Il était une fois le tue-cochon dans les Landes…

Il était une fois le tue-cochon dans les Landes…

Quand notre instituteur nous demandait une composition « à sujet libre », il nous prévenait : « Et ne me faites pas le “tue-cochon” ! »

Le « tue-cochon », c’était le cliché, qui dénotait un terrible manque d’imagination.

C’était l’hiver. La veille, ma mère avait préparé les bassines, les couteaux, le linge, et mon père des seaux, du bois, la chaudière. Les voisins arrivaient vers sept heures. On prenait le café. « Tiens, Gourdon est là… »

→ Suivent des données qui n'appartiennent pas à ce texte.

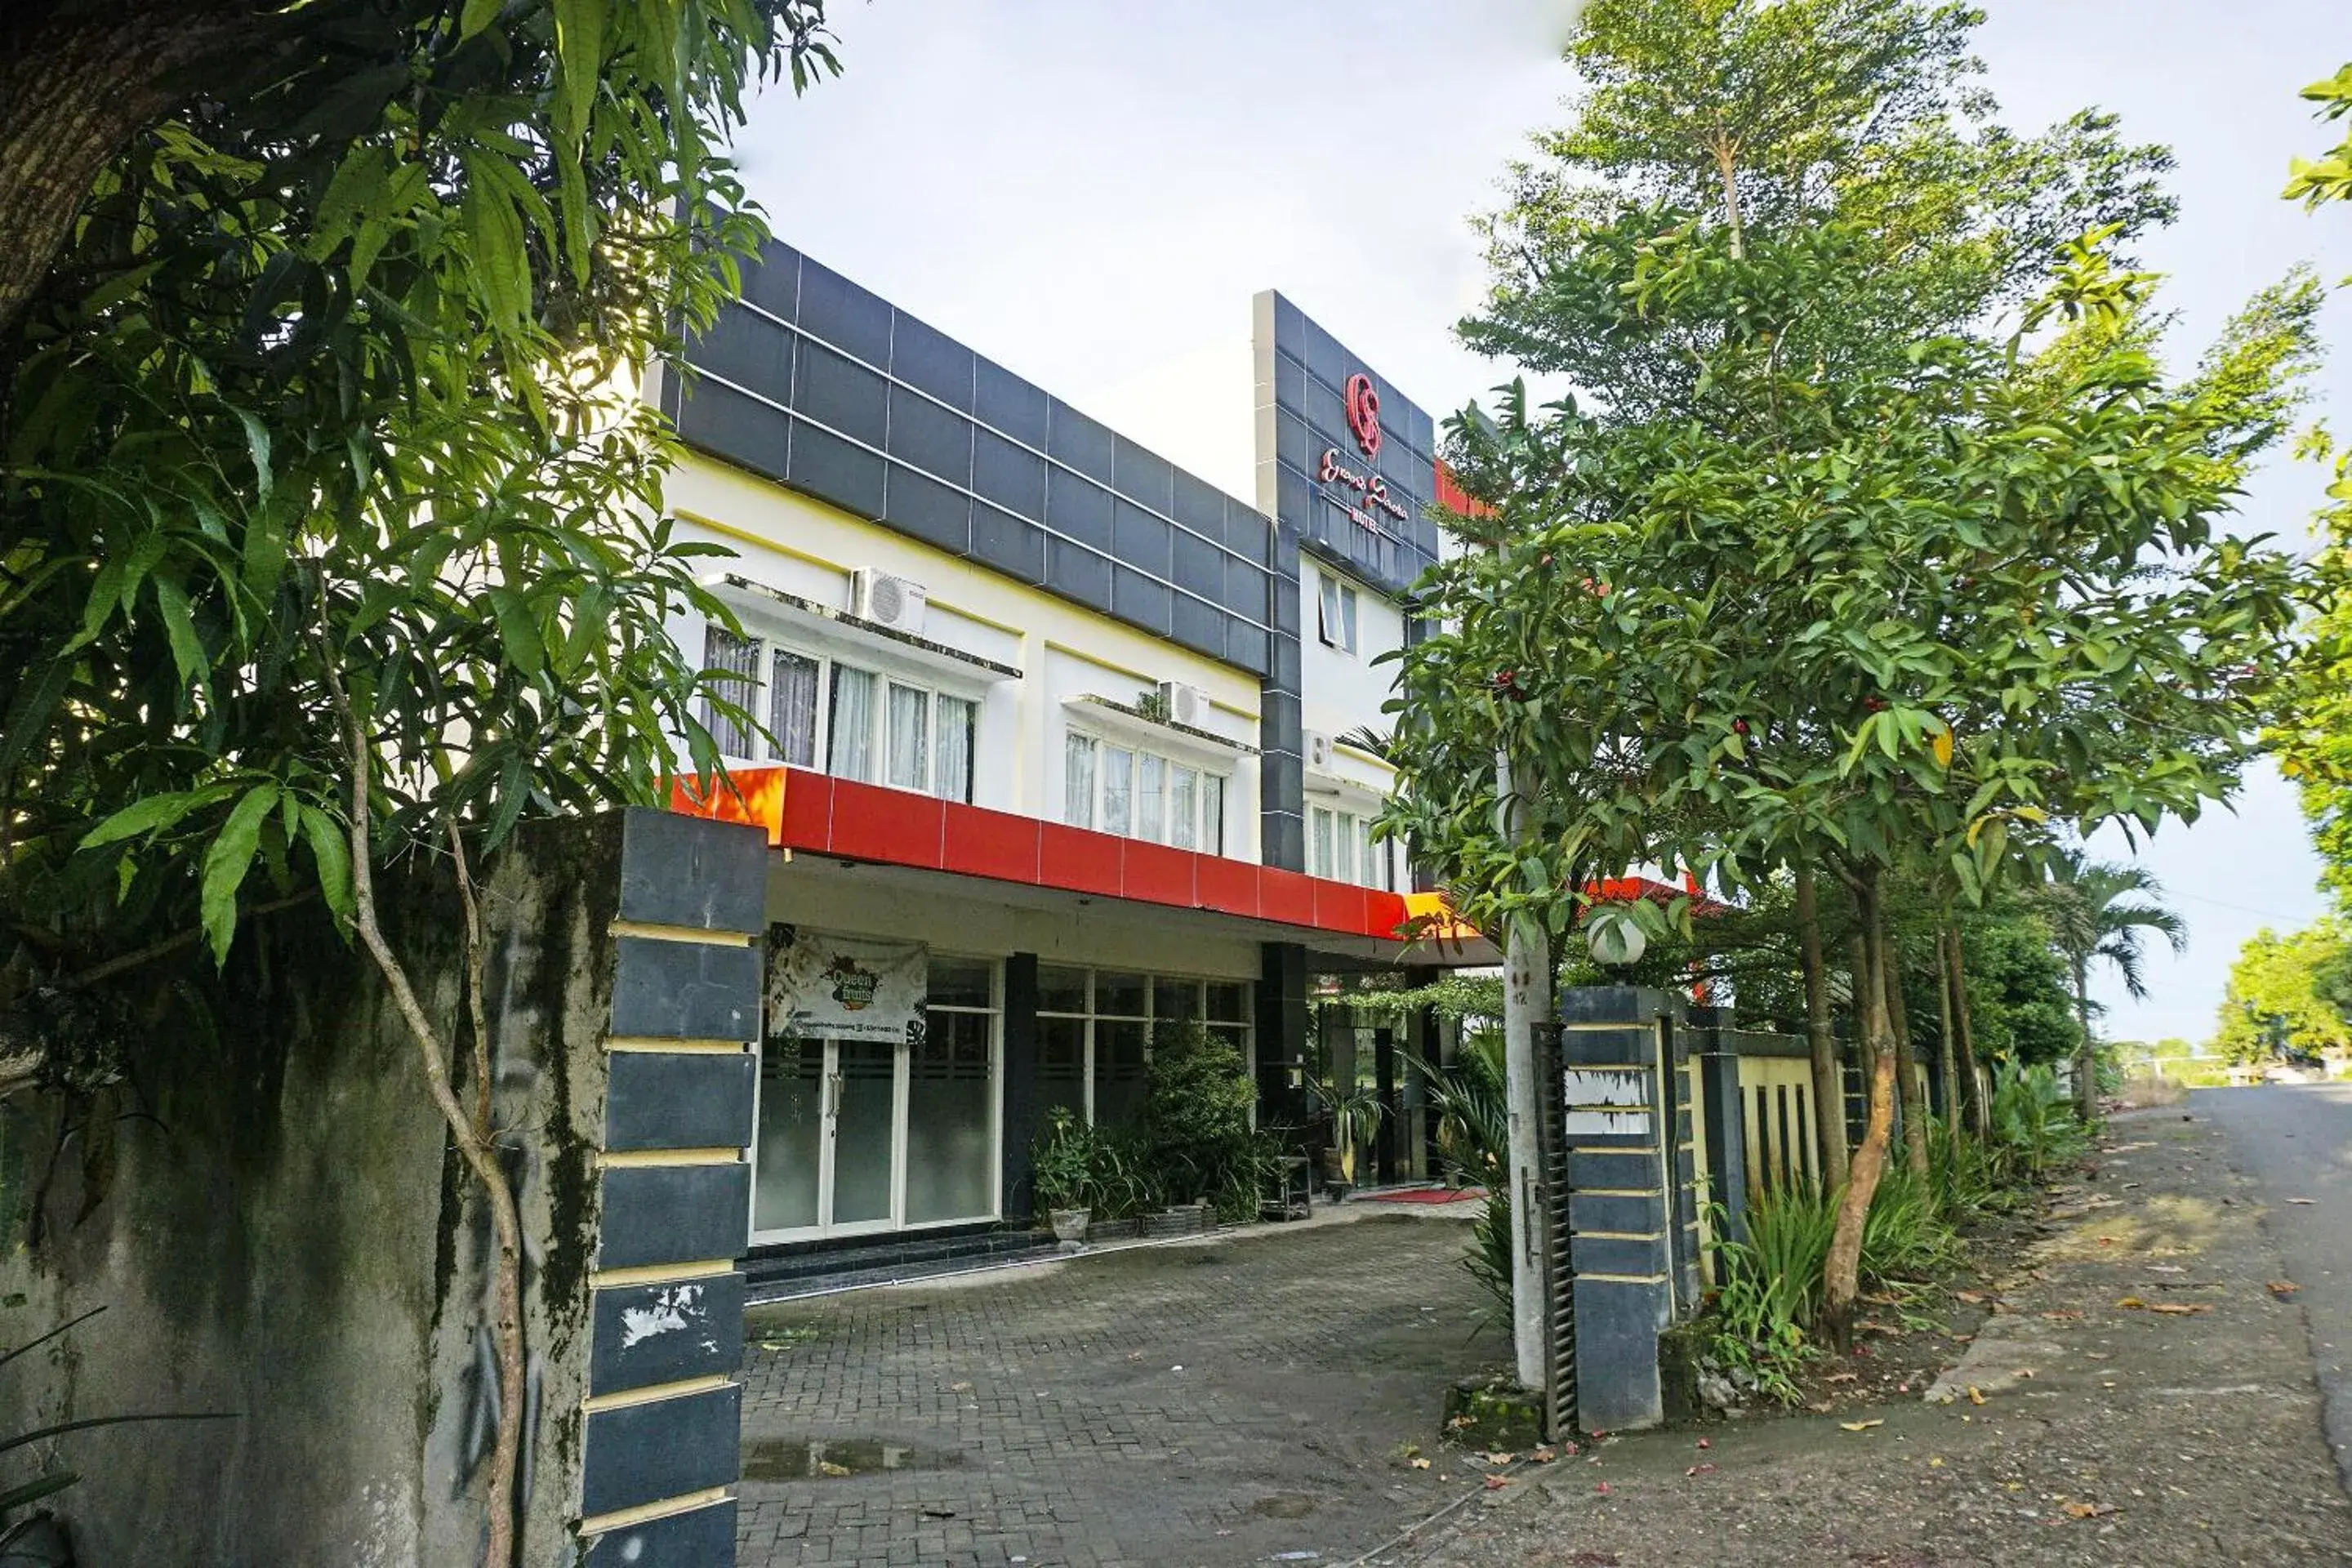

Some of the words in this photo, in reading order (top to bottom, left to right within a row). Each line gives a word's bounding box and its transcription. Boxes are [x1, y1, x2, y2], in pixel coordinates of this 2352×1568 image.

[1321, 448, 1366, 491] Grand
[1351, 507, 1379, 535] HOTEL
[834, 969, 871, 987] Queen

Un type robuste sortait d’un break, dépliait sa trousse, aiguisait ses couteaux et ses hachoirs à l’affiloir. Les hommes entraient dans la cour et poussaient le porc dans une cage que les hommes posaient sur une balance-plate-forme : « Cent-quatre-vingt kilos ! »

Puis ils poussaient le cochon vers la mèit – une sorte de barque en bois – posée sur le plat. Ma mère s’approchait avec une bassine, le boucher faisait une incision et y plongeait la lame en remontant pour couper la jugulaire. Le sang sortait à grands flots, comme d’une pompe, et le porc poussait des hurlements qui mouraient avec l’animal lui-même. On retournait la mèit qui, remplie d’eau bouillante, devenait une baignoire. Sous le porc lui-même, on plaçait des chaînes que des hommes, les uns en face des autres, tiraient alternativement, trempant régulièrement la bête, tandis que d’autres raclaient la couenne aux grattoirs. Puis Gourdon arrachait les onglons à la tenaille, glissait l’escalot, une petite échelle, entre la mèit et le cochon, dégageait les tendons des pattes arrière, y enfilait un manchon, fixait enfin celui-ci aux chevilles en bois de l’échelle – qu’il s’agissait à présent d’appuyer contre un mur.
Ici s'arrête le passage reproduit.